Running is and always has been, at the most basic level, an exercise in endurance.
There is no special equipment necessary, no formal training either. Just pick up one foot, then place it down as you pick up the other. Then repeat. Quickly.
Do this for as long as you can stand the burning in your legs and the aching in your lungs, and you are a runner.
Is it any surprise, then, that in the wake of the bombings at the 117th Boston Marathon, several local running events have experienced increased interest? It's as if the running community is collectively saying, "This, too, we will endure."
From half marathons to 5Ks to charity walks, people have responded to the attacks by pledging to keep running. In some cases, doing so in record numbers.
"I was surprised at the overwhelming outpouring so soon after the marathon," said Steve Balfour, director of Boston's Run to Remember. "Says a lot about the determination and the compassion of the Greater Boston and running community."
The Run to Remember, which honors law enforcement officers killed in the line of duty, is a half marathon starting in Boston's Seaport District and winding its way through the city. In the days immediately after the bombings on Boylston Street, Balfour said more than 3,000 people registered for the race scheduled for Memorial Day.
"Last year we had 9,400 registrations, so we anticipated selling out at 10,000 this year," Balfour said. "However we anticipated selling out much closer to the race."
In previous years, the Run to Remember had never had more than 200 registrants in a single day. After the bombings, they had more than 700 in a day more than once before selling out at 10,400 entrants.

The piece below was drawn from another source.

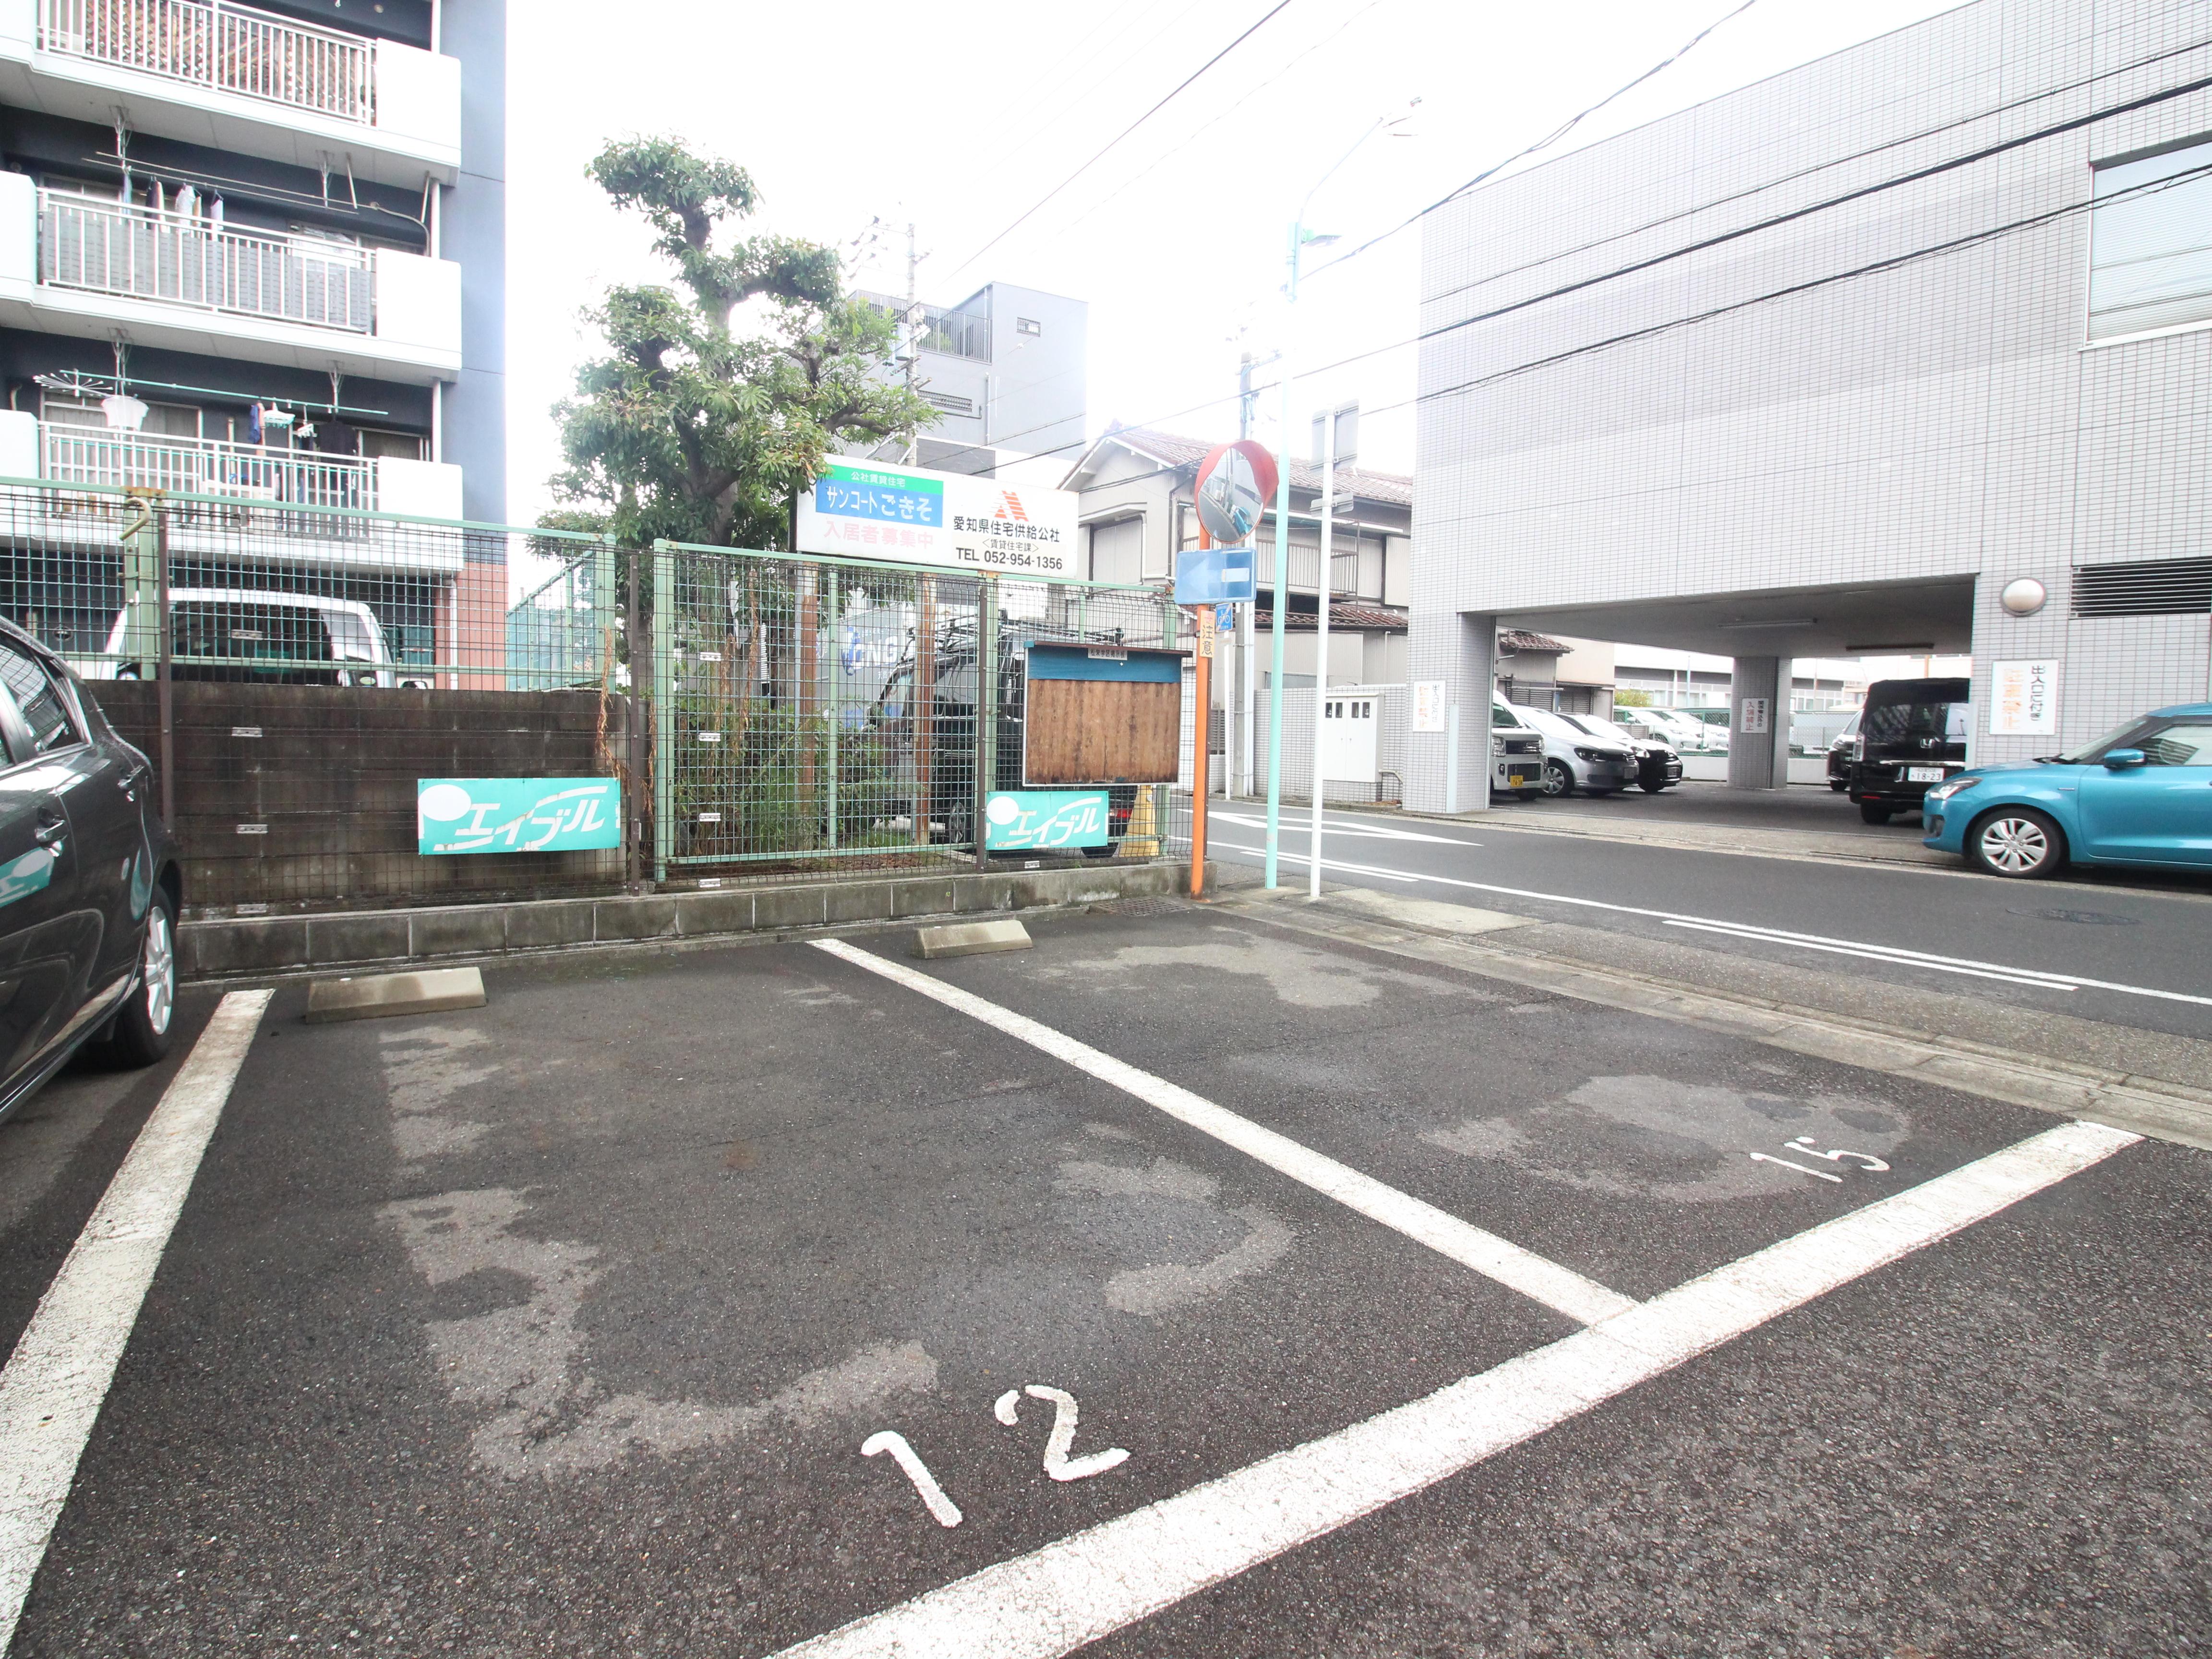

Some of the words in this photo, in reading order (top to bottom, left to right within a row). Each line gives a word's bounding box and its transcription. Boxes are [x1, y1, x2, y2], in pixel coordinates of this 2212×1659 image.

With people from far and wide looking for ways to honor first responders, victims of the attacks and people like fallen MIT Police Officer Sean Collier, the response for the Run to Remember makes sense. But it's not an isolated case.
Though he didn't have specific numbers for the event, JJ Larner said there's also been a noted increase in interest in the Quincy Half Marathon on May 5.
Traditionally a March event, used as a tuneup by many Boston Marathon runners, this year the Quincy race was postponed because of the weather. That meant a number of runners decided to withdraw, figuring they would be in no condition to run a half marathon so soon after Boston.
"Some of those opted back in after the atrocities, thinking they wanted to be out running even if they were below par," Larner said. "We feel it's important for everyone to continue living their American life, which in our case as runners is to go out and run a race somewhere. We are proud to welcome them to Quincy."
While participation as a whole is expected to be up only slightly in the Boston Marine Corps Honor Run 5K in South Boston on May 11, Lauren Proshan said there's been a noticeable increase in one category.
"Where we saw a shift rather was the number of people signing up in the 'active duty' category," she said. "We will have a significant increase in participation of those in the Armed Forces, local police and fire departments and a great showing from the 1-25th Marines Unit."
In 2012, the active duty category had 22 entrants. This year, there are already three times that many, with 66. And there are still two weeks until registration closes.
It's not just road races that have experienced an uptick in interest. The director of the Dana-Farber Cancer Institute's Boston Marathon Jimmy Fund Walk announced that the number of people who have chosen to walk the 26.2-mile Boston Marathon route doubled in the week after the attacks.
"Some who have registered have told us they are doing the Walk so that terrorism will not win," director Ann Beach wrote in a letter to Jimmy Fund supporters. "Some walk to honor those who were unable to complete the full 26.2 miles on April 15. Some walk for a cause close to their hearts, another insidious enemy: cancer."
In June, the BAA is scheduled to hold its 10K in downtown Boston. Starting and ending on Charles Street between the Public Garden and the Boston Common, the 10K route runs around the Garden and down Commonwealth Avenue and back.
Though he wouldn't speculate on interest level, BAA spokesman Marc Davis said the field right now will be at the previously set 9,500. Registration has been delayed one week, to Wednesday, May 8, as the organization continues to deal with the aftermath of the attacks.
Across the country, and indeed around the world, those tasked with securing mass sporting events have been forced to reassess in the wake of the bombings in Boston. By nature, road races represent a unique challenge -- long routes, many through urban areas, thronged with spectators can present many targets.
Details are still being finalized for the Run to Remember, including the exact route the course will take and what security measures will be in place, but Balfour said that's not unusual. Last year they didn't receive final approval until the week before the race.
"We're obviously putting a lot more effort into security," Balfour said. "There's no question it will be greatly heightened this year."
Sherry Betts is a school counselor in Leander, Texas, just north of Austin. She's trying to run races in all 50 U.S. states, and before the attacks in Boston had been contemplating a November race in either Kansas, Las Vegas or Massachusetts.
After the bombings, she made up her mind to enter the Myles Standish Marathon in Plymouth, Mass.
"I just decided it was the right thing to do," Betts said. "It is me doing my single part to send the message that the running spirit is not deterred and we're not afraid.
"We're not afraid to come to Boston and run these races, because running is who we are."